Today we took the boat to Salerno and the train to Rome.
This was lovely not only because ferries and trains are probably my two favorite modes of transport and it meant avoiding the busses to Naples, but also because it afforded us some stunning views of Amalfi.
We took the metro to our neighborhood, Testaccio, plunked down our luggage at our Airbnb, and stepped out into the early evening.
I immediately fell in love with Rome – there is something about the way the golden buildings catch the light.
Or maybe it’s the attitude. On the bus to the neighborhood where we had picked out a restaurant, the driver missed a stop and an elderly couple chewed him out, rapping on the window with an umbrella cane.
Once at our restaurant (Cacio e Pepe), the waiters strutted from table to table with an air of palpable conviction.

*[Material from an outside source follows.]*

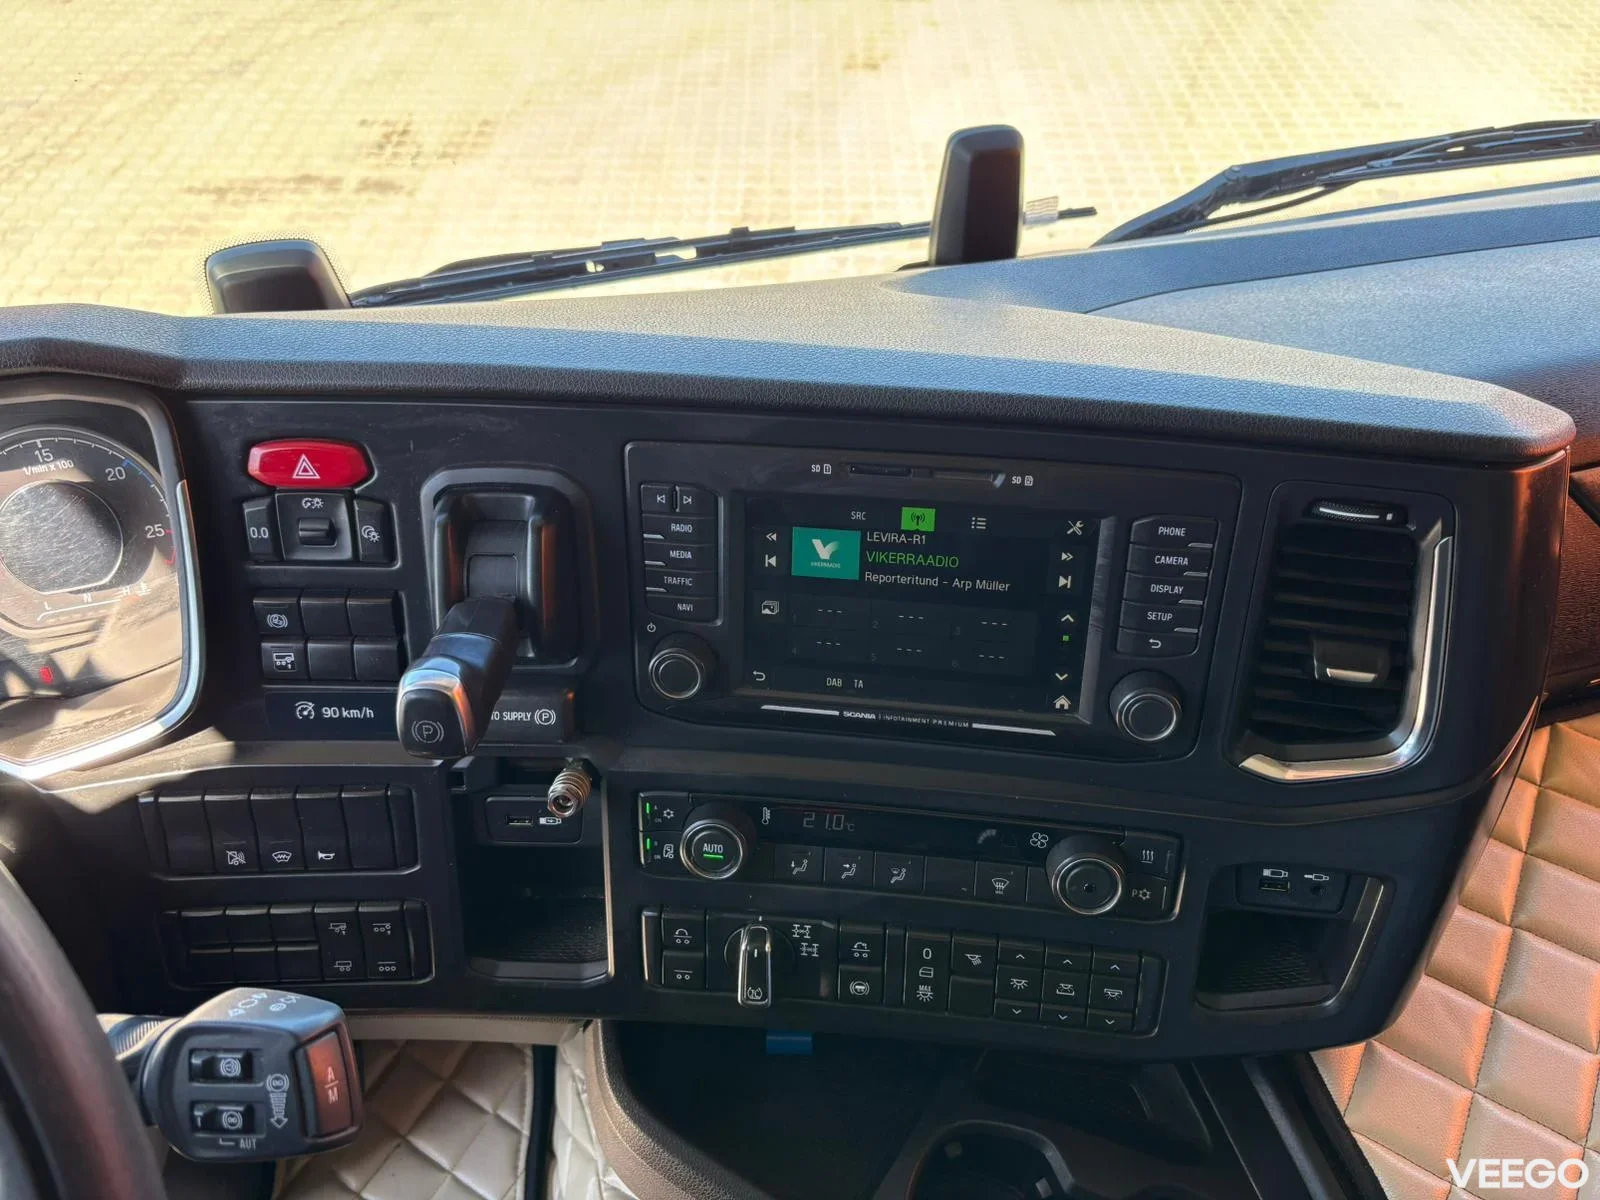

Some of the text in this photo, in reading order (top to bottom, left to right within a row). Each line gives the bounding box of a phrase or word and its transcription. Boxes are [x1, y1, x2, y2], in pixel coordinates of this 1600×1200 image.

The diners smoked and talked softly, winding pasta against the sides of their plates and cutting hunks of watermelon with fork and knife. The scene practically buzzed.

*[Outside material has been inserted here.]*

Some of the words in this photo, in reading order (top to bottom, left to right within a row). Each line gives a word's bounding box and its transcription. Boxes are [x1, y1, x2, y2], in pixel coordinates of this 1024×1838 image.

I ordered the dish after which the restaurant is named (hot pasta served over a shallow pool of oil and water and topped with a thick cloud of pepper and parmesan) and waited impatiently as I watched dish after dish heaped with steaming pasta get carted over to neighboring tables. When the couple sitting to our right received their dinner, the aroma of melting parmesan was almost more than I could bear.
It was worth the wait. This pasta – perfectly cooked – springy and toothsome – was the best I have ever tasted.
On our stroll back to our apartment from the bus, children laughed in a playground despite it being nearly midnight. Teenagers and adults draped over benches, licking the last of their gelato cones.
I am looking forward to exploring the city–in the daylight–more, tomorrow!